Echocardiography and Ultrasound
There are no echocardiography/ultrasound findings associated with hemoptysis. However, echocardiography or ultrasound might be abnormal with some of the underlying causes of hemoptysis.
CT scan
Chest CT scan and CT angiography may be helpful in the evaluation of a patient with hemoptysis. It is useful for assessing the cause of hemoptysis, localizing the origin of the blood, providing prognostic information by correlating between the extent of lobar involvement on high-resolution CT and the amount of bleeding, and assisting the interventional radiologist prior to treatment. CT scan is not helpful in unstable patients, patients with active bleeding who require bronchoscopy intervention, and patients with bilateral lung abnormalities.
MRI
Chest MRI may be helpful in the diagnosis of underlying causes of hemoptysis.
Other Imaging Findings
Other imaging findings may be helpful in the diagnosis of underlying causes of hemoptysis.
Other Diagnostic Studies
Rigid bronchoscopy may be helpful in the differentiating underlying etiologies of hemoptysis, localizing the bleeding site, identifying lung cancer, and even treatment of the underlying cause of hemoptysis in case of visible endoluminal lesions.
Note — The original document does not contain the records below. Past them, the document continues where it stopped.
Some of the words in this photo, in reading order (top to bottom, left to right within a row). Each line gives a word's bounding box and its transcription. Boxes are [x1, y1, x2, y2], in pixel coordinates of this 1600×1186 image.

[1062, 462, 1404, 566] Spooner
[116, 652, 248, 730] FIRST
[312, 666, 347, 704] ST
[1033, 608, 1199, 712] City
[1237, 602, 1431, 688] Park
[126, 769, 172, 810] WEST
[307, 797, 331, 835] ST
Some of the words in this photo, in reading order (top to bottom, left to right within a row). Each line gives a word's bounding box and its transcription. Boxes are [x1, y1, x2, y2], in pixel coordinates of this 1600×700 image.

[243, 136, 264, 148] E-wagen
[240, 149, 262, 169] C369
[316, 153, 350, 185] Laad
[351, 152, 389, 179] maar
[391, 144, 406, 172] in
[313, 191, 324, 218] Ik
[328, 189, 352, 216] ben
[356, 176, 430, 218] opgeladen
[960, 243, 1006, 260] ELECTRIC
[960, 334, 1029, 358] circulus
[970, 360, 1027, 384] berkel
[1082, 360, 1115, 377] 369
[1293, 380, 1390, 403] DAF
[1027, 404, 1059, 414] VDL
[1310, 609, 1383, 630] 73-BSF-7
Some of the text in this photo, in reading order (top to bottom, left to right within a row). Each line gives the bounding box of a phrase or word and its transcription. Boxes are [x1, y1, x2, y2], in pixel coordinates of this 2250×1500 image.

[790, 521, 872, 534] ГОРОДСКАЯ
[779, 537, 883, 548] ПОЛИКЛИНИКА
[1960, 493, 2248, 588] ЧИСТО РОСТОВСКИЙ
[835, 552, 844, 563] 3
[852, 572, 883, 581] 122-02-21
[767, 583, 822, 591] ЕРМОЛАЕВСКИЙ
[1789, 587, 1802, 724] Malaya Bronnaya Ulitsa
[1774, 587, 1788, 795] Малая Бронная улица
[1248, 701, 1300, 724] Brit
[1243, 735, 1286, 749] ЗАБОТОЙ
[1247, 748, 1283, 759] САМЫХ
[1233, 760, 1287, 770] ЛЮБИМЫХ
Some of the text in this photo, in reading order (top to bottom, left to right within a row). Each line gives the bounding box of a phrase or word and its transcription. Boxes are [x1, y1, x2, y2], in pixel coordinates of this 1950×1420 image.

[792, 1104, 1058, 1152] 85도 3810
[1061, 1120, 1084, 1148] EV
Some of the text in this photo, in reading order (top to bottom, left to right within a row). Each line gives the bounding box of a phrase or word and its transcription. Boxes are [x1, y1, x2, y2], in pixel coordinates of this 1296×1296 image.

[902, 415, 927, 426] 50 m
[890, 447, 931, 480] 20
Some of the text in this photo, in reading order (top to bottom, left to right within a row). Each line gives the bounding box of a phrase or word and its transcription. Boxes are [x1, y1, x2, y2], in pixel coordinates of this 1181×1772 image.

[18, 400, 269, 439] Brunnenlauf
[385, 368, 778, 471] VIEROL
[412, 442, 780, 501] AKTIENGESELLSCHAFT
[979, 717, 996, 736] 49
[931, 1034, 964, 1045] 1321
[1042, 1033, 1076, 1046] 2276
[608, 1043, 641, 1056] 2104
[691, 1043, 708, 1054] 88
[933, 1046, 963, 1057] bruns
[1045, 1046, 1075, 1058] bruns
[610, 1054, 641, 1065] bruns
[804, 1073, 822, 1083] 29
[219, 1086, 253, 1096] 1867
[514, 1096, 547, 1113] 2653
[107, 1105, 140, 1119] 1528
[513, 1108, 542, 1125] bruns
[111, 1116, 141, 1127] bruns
Other diagnostic studies for localizing the site of bleeding in a patient with hemoptysis include angiographyand aortography.
Treatment
Medical Therapy
Hemoptysis is a symptom that indicates an underlying pulmonary or extrapulmonary cause. Pharmacologic medical therapy depends on an underlying cause. However, the mainstay of treatment for massive hemoptysis is supportive and surgical therapy.
Surgery
Massive hemoptysis is a life-threatening condition and requires prompt intensive care. Surgery is indicated in patients with hemoptysis who are resistant to embolization. Interventional techniques are used to stop bleeding which include bronchial arterial embolization, different bronchoscopic strategies such as cold saline lavage, topical vasoconstrictor agents, balloon tamponade, endobronchial stent placement, endobronchial spigot, oxidized regenerated cellulose, N-Butyl cyanoacrylate glue, fibrinogenthrombin, tranexamic acid, laser photocoagulation, argon plasma coagulation, and electrocautery. Surgical techniques that are used for management of hemoptysis include pulmonary resection, lobectomy, and bilobectomy. Surgical techniques are definitely curative, effective for localized lesions. However, surgery has a mortality rate of 10-30%. Currently, bronchial arterial embolization considered as a first line therapy for both new and recurrent hemoptysis.
Primary Prevention
Effective measures for the primary prevention of hemoptysis include smoking cessation, avoiding air pollutants, and use of physical barriers such as masks and gown.
Secondary Prevention
There are no established measures for the secondary prevention of hemoptysis.